Your copy of the lines below must match them exactly and contain no images.

──────────

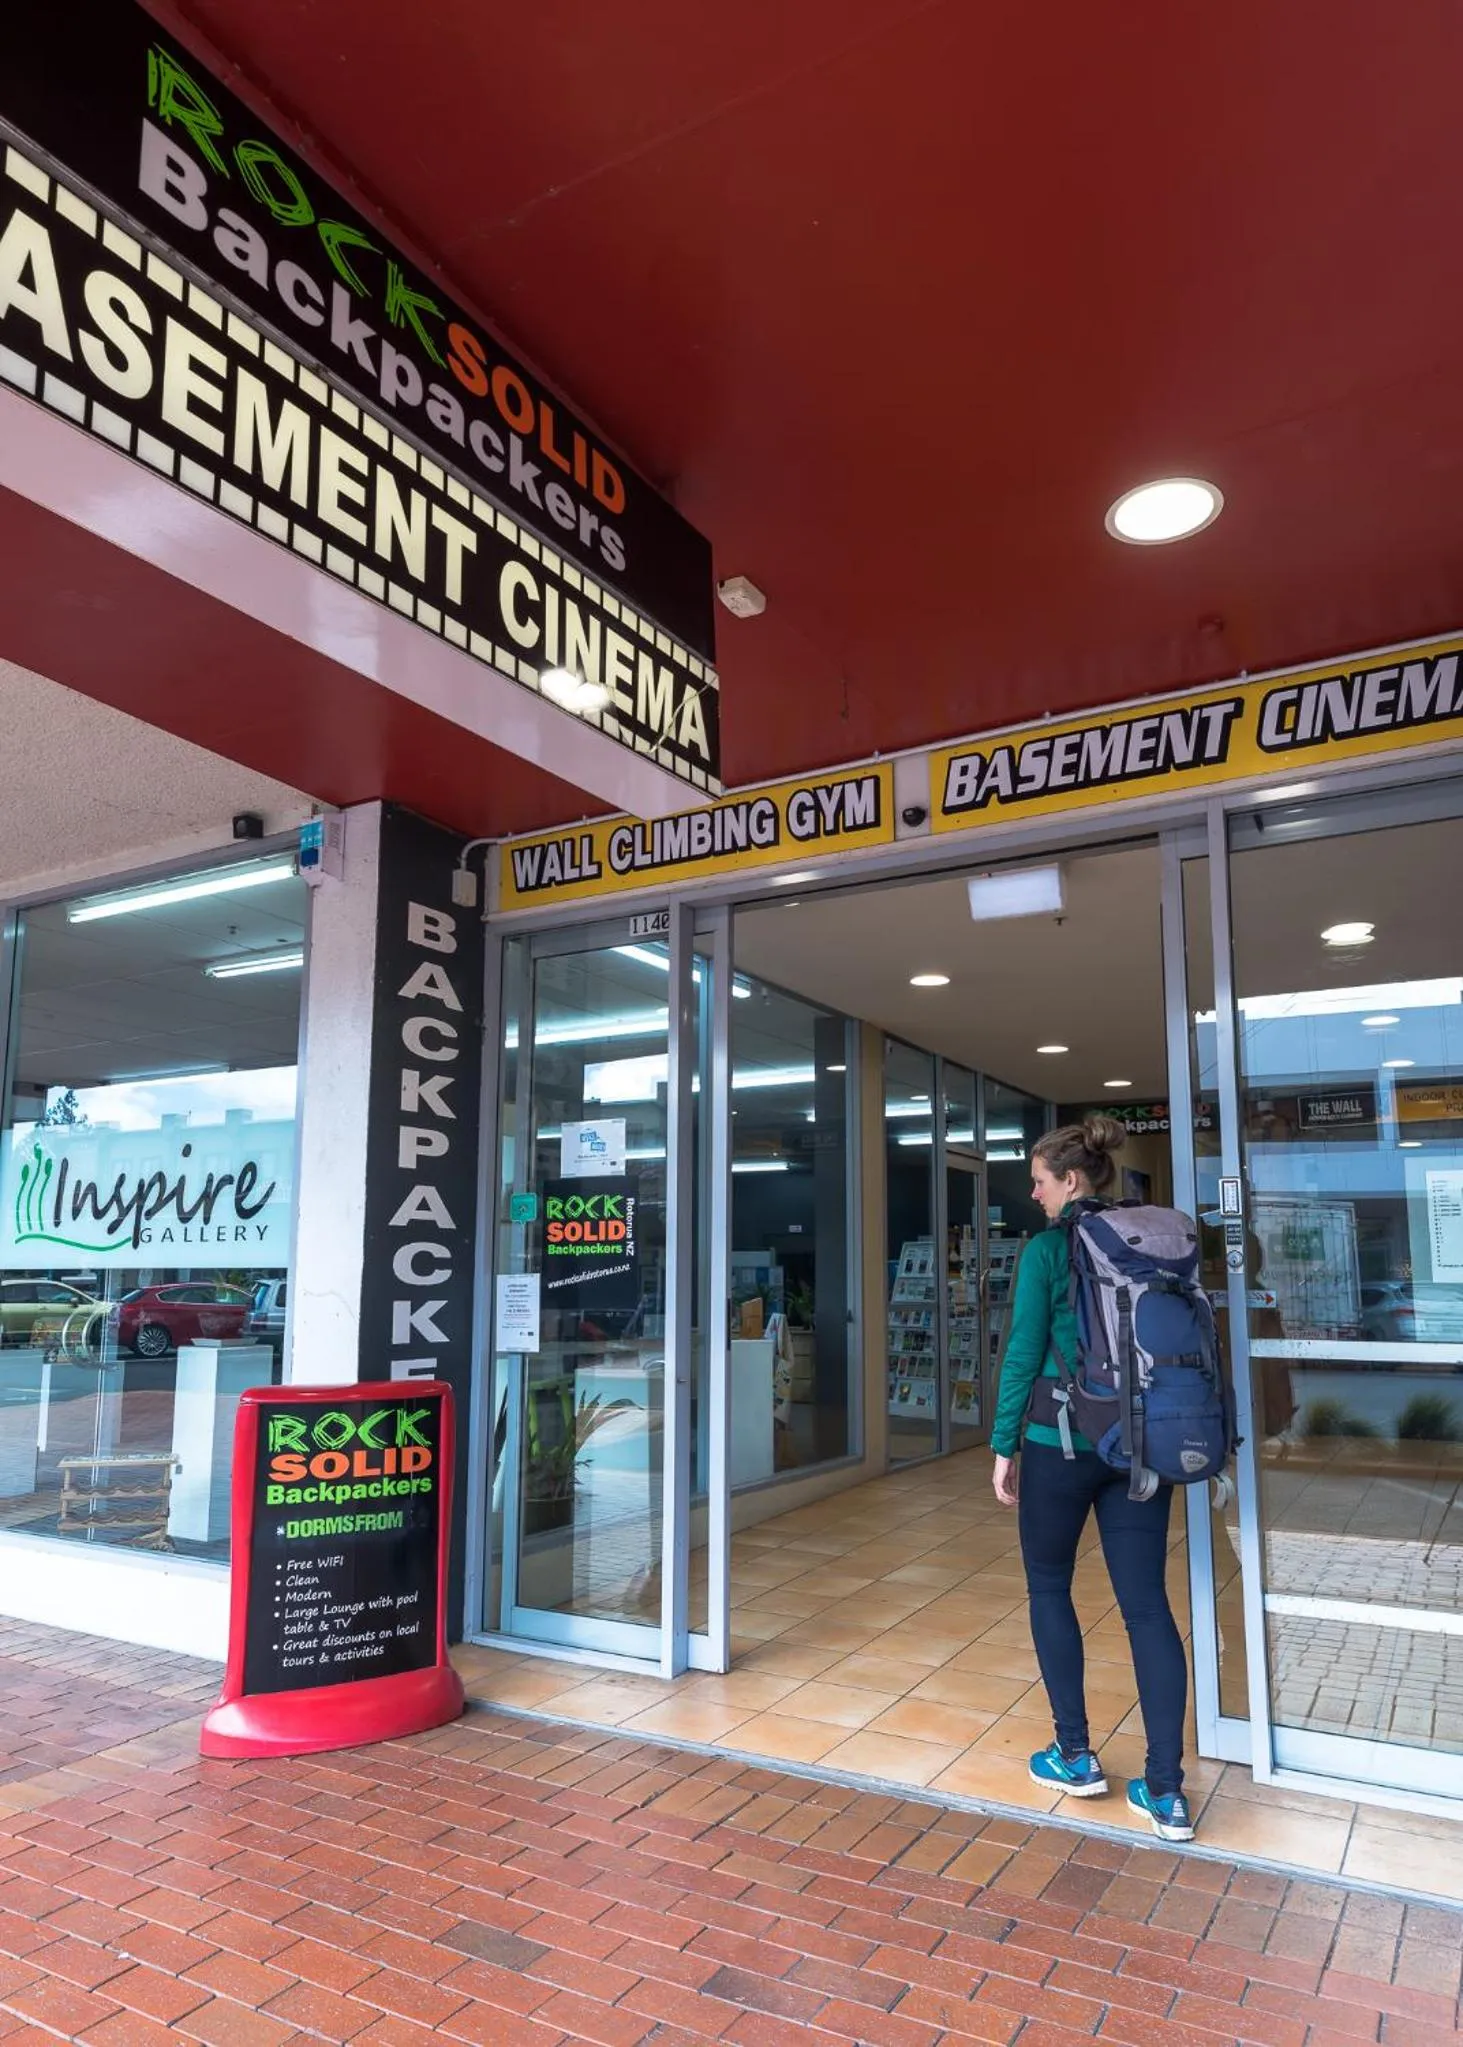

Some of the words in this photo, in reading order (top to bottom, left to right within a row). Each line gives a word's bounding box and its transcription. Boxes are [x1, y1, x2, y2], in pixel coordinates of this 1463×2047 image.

[147, 42, 446, 368] ROCK
[445, 322, 626, 515] SOLID
[138, 117, 627, 573] Backpackers
[500, 559, 711, 762] CINEMA
[944, 700, 1240, 810] BASEMENT
[1260, 656, 1463, 749] CINEM
[512, 834, 601, 891] WALL
[609, 799, 778, 873] CLIMBING
[787, 777, 879, 840] GYM
[632, 913, 670, 934] 1140
[1308, 1101, 1331, 1116] THE
[1332, 1098, 1363, 1114] WALL
[54, 1143, 276, 1250] Inspire
[546, 1194, 625, 1219] ROCK
[546, 1220, 626, 1242] SOLID
[626, 1197, 636, 1239] Rotorua
[139, 1225, 269, 1243] GALLERY
[547, 1242, 623, 1256] Backpackers
[625, 1241, 635, 1257] NZ
[268, 1408, 432, 1453] ROCK
[268, 1446, 433, 1482] SOLID
[266, 1477, 433, 1504] Backpackers
[287, 1559, 314, 1571] Free
[285, 1574, 320, 1587] Clean
[284, 1607, 319, 1620] Large
[323, 1603, 366, 1616] Lounge
[368, 1595, 394, 1609] with
[395, 1590, 419, 1610] pool
[285, 1589, 332, 1603] Modern
[283, 1621, 314, 1635] table
[318, 1620, 330, 1632] &
[333, 1617, 352, 1630] TV
[283, 1638, 319, 1651] Great
[321, 1630, 376, 1647] discounts
[378, 1628, 393, 1640] on
[396, 1620, 420, 1637] local
[282, 1654, 315, 1668] tours
[318, 1652, 330, 1664] &
[333, 1644, 385, 1662] activities

──────────

### OUTPUT FOR THIS TASK
Some of the words in this photo, in reading order (top to bottom, left to right within a row). Each line gives a word's bounding box and its transcription. Boxes are [x1, y1, x2, y2], in pixel coordinates of this 1463×2047 image.

[147, 42, 446, 368] ROCK
[445, 322, 626, 515] SOLID
[138, 117, 627, 573] Backpackers
[500, 559, 711, 762] CINEMA
[944, 700, 1240, 810] BASEMENT
[1260, 656, 1463, 749] CINEM
[512, 834, 601, 891] WALL
[609, 799, 778, 873] CLIMBING
[787, 777, 879, 840] GYM
[632, 913, 670, 934] 1140
[1308, 1101, 1331, 1116] THE
[1332, 1098, 1363, 1114] WALL
[54, 1143, 276, 1250] Inspire
[546, 1194, 625, 1219] ROCK
[546, 1220, 626, 1242] SOLID
[626, 1197, 636, 1239] Rotorua
[139, 1225, 269, 1243] GALLERY
[547, 1242, 623, 1256] Backpackers
[625, 1241, 635, 1257] NZ
[268, 1408, 432, 1453] ROCK
[268, 1446, 433, 1482] SOLID
[266, 1477, 433, 1504] Backpackers
[287, 1559, 314, 1571] Free
[285, 1574, 320, 1587] Clean
[284, 1607, 319, 1620] Large
[323, 1603, 366, 1616] Lounge
[368, 1595, 394, 1609] with
[395, 1590, 419, 1610] pool
[285, 1589, 332, 1603] Modern
[283, 1621, 314, 1635] table
[318, 1620, 330, 1632] &
[333, 1617, 352, 1630] TV
[283, 1638, 319, 1651] Great
[321, 1630, 376, 1647] discounts
[378, 1628, 393, 1640] on
[396, 1620, 420, 1637] local
[282, 1654, 315, 1668] tours
[318, 1652, 330, 1664] &
[333, 1644, 385, 1662] activities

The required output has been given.